Image-backed grounding data
● ● ● ● ● ● ●
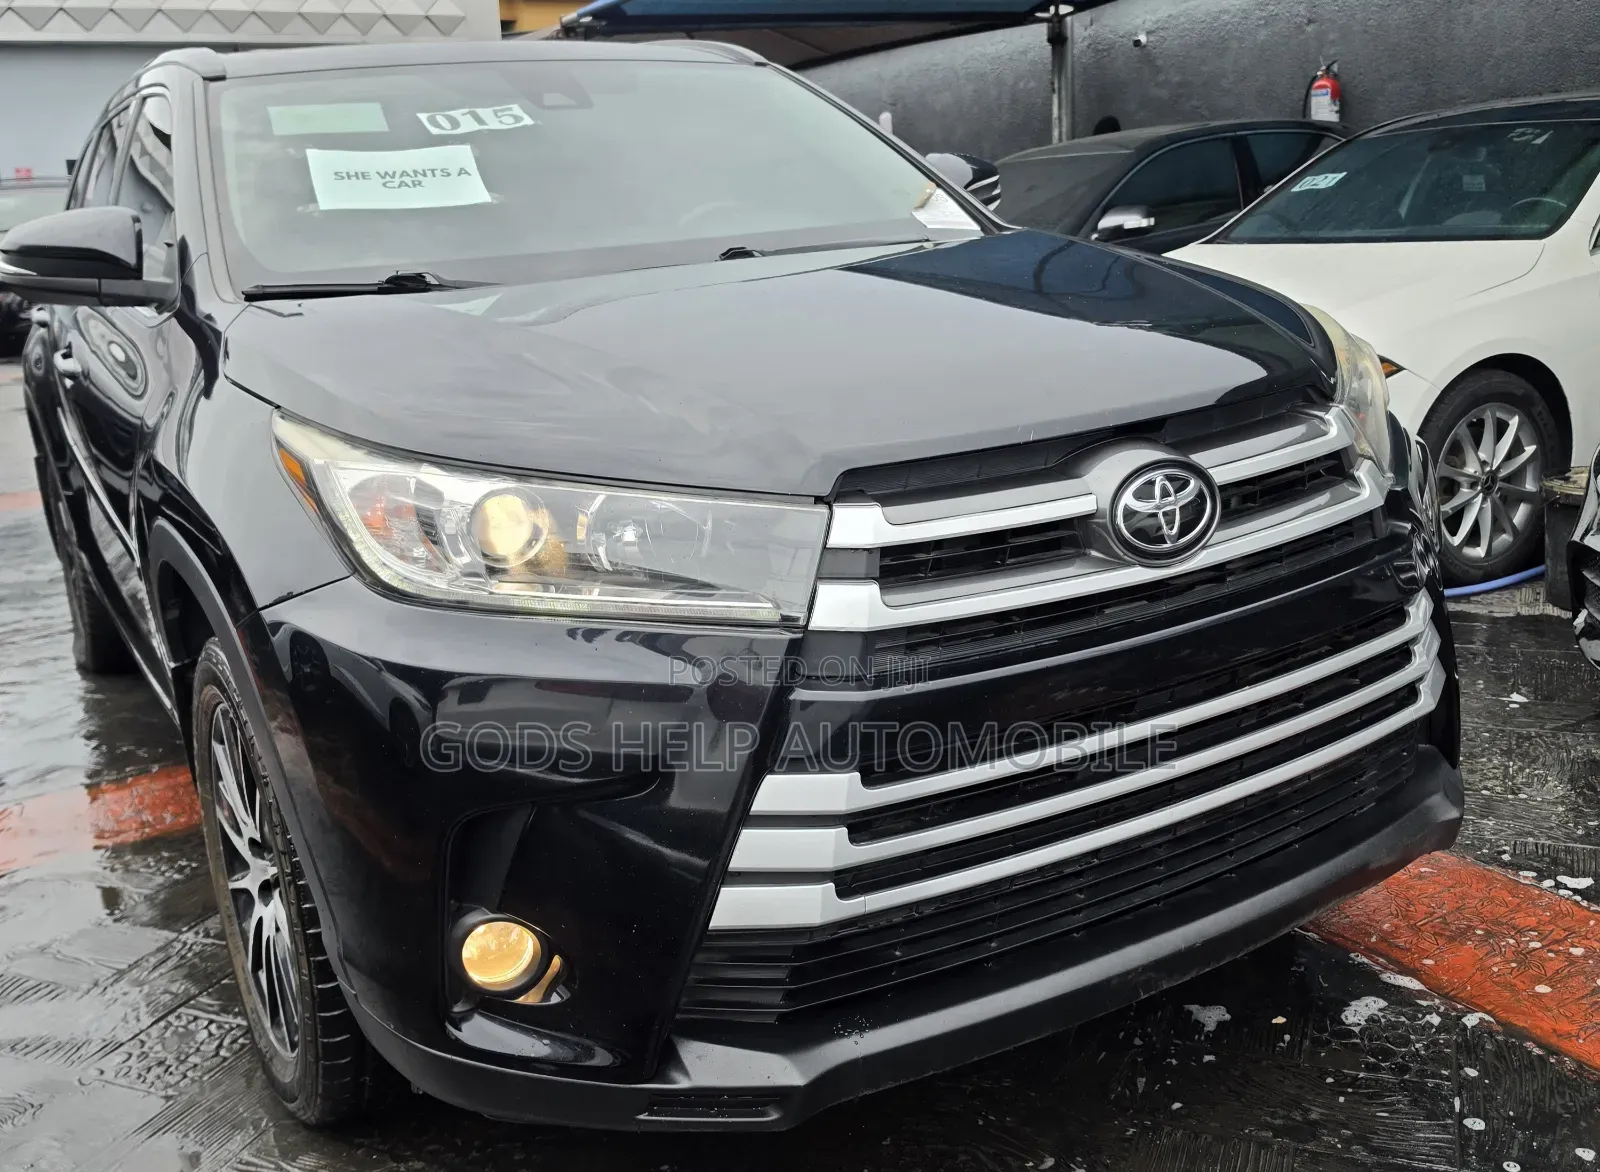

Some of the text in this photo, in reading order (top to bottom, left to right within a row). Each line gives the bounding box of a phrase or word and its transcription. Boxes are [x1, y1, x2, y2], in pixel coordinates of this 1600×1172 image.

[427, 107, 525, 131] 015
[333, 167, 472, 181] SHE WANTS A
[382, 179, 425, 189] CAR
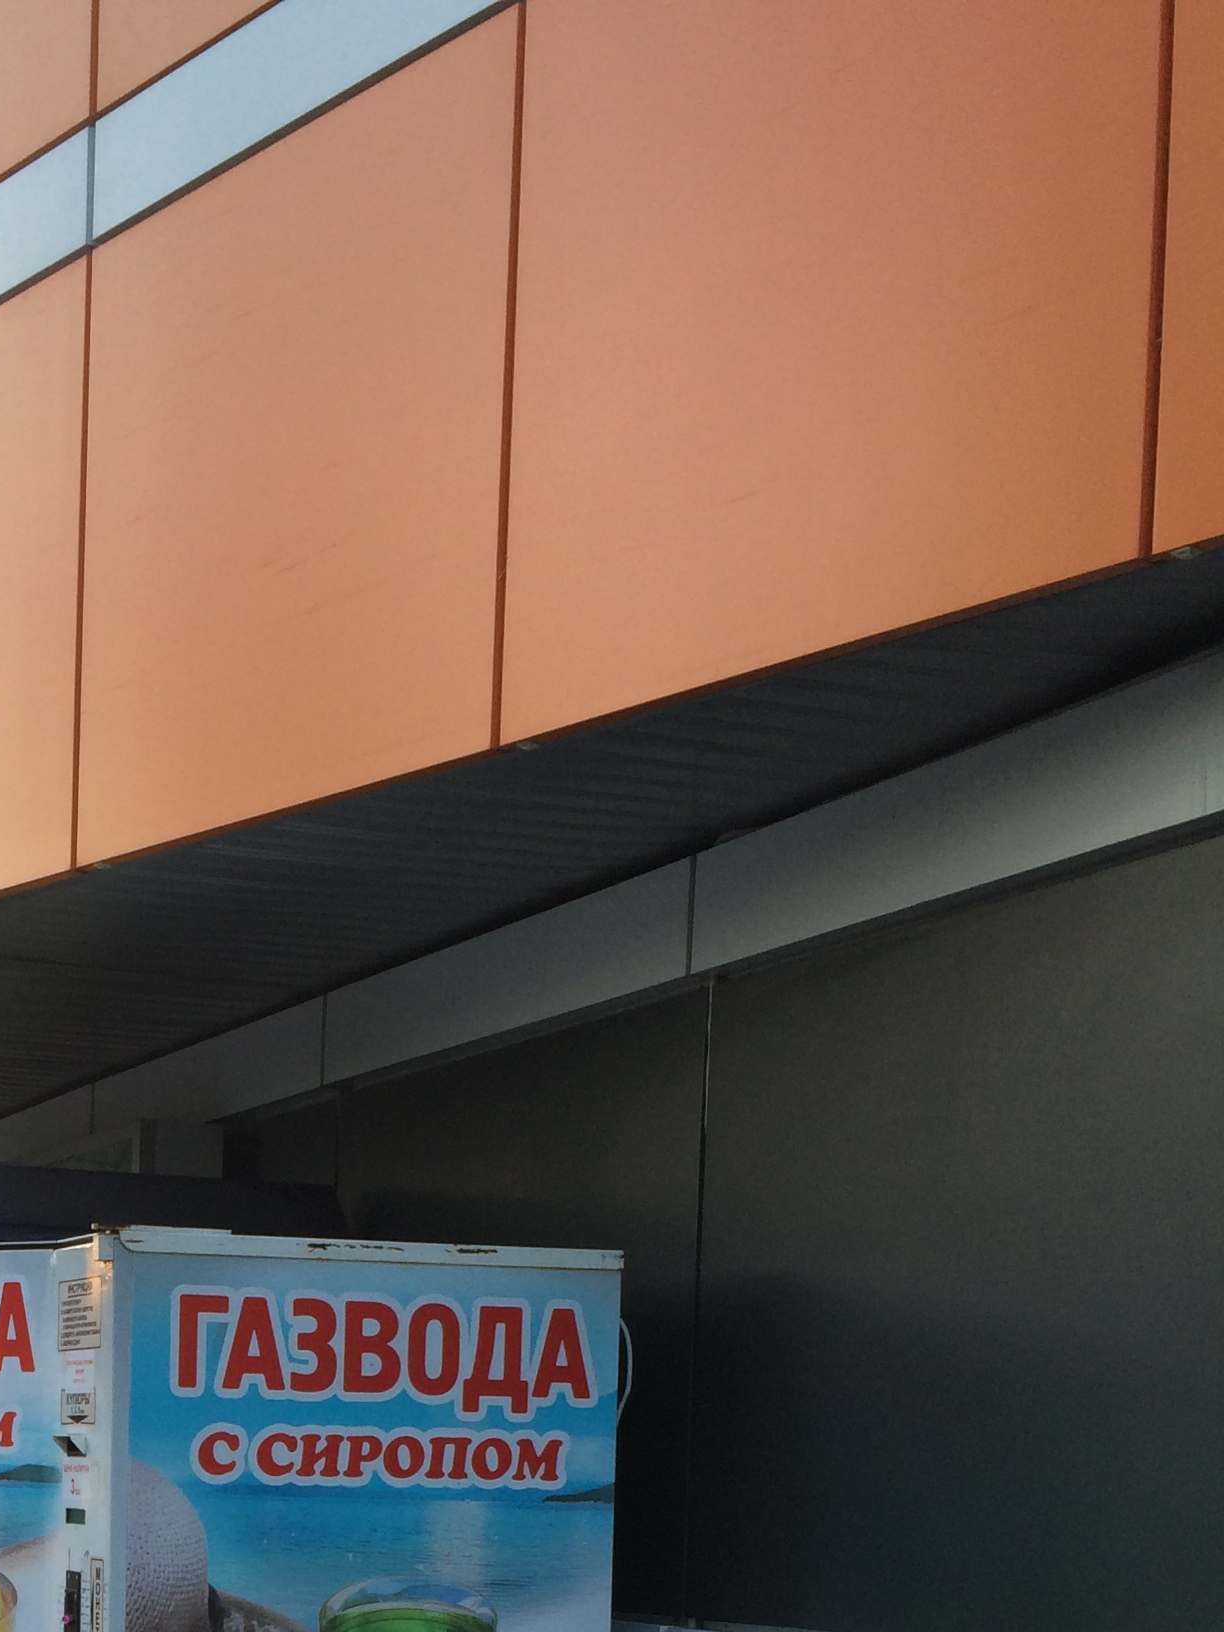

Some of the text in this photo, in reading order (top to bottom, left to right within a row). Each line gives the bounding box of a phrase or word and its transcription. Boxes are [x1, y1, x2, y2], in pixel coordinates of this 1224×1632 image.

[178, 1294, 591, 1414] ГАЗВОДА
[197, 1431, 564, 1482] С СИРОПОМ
● ● ● ● ● ● ●
- [Aim of the task]: Print each record as it appears above, dropping every picture from the copy.

- [Your response]:
Some of the text in this photo, in reading order (top to bottom, left to right within a row). Each line gives the bounding box of a phrase or word and its transcription. Boxes are [x1, y1, x2, y2], in pixel coordinates of this 1600×1172 image.

[427, 107, 525, 131] 015
[333, 167, 472, 181] SHE WANTS A
[382, 179, 425, 189] CAR

Some of the text in this photo, in reading order (top to bottom, left to right within a row). Each line gives the bounding box of a phrase or word and its transcription. Boxes are [x1, y1, x2, y2], in pixel coordinates of this 1224×1632 image.

[178, 1294, 591, 1414] ГАЗВОДА
[197, 1431, 564, 1482] С СИРОПОМ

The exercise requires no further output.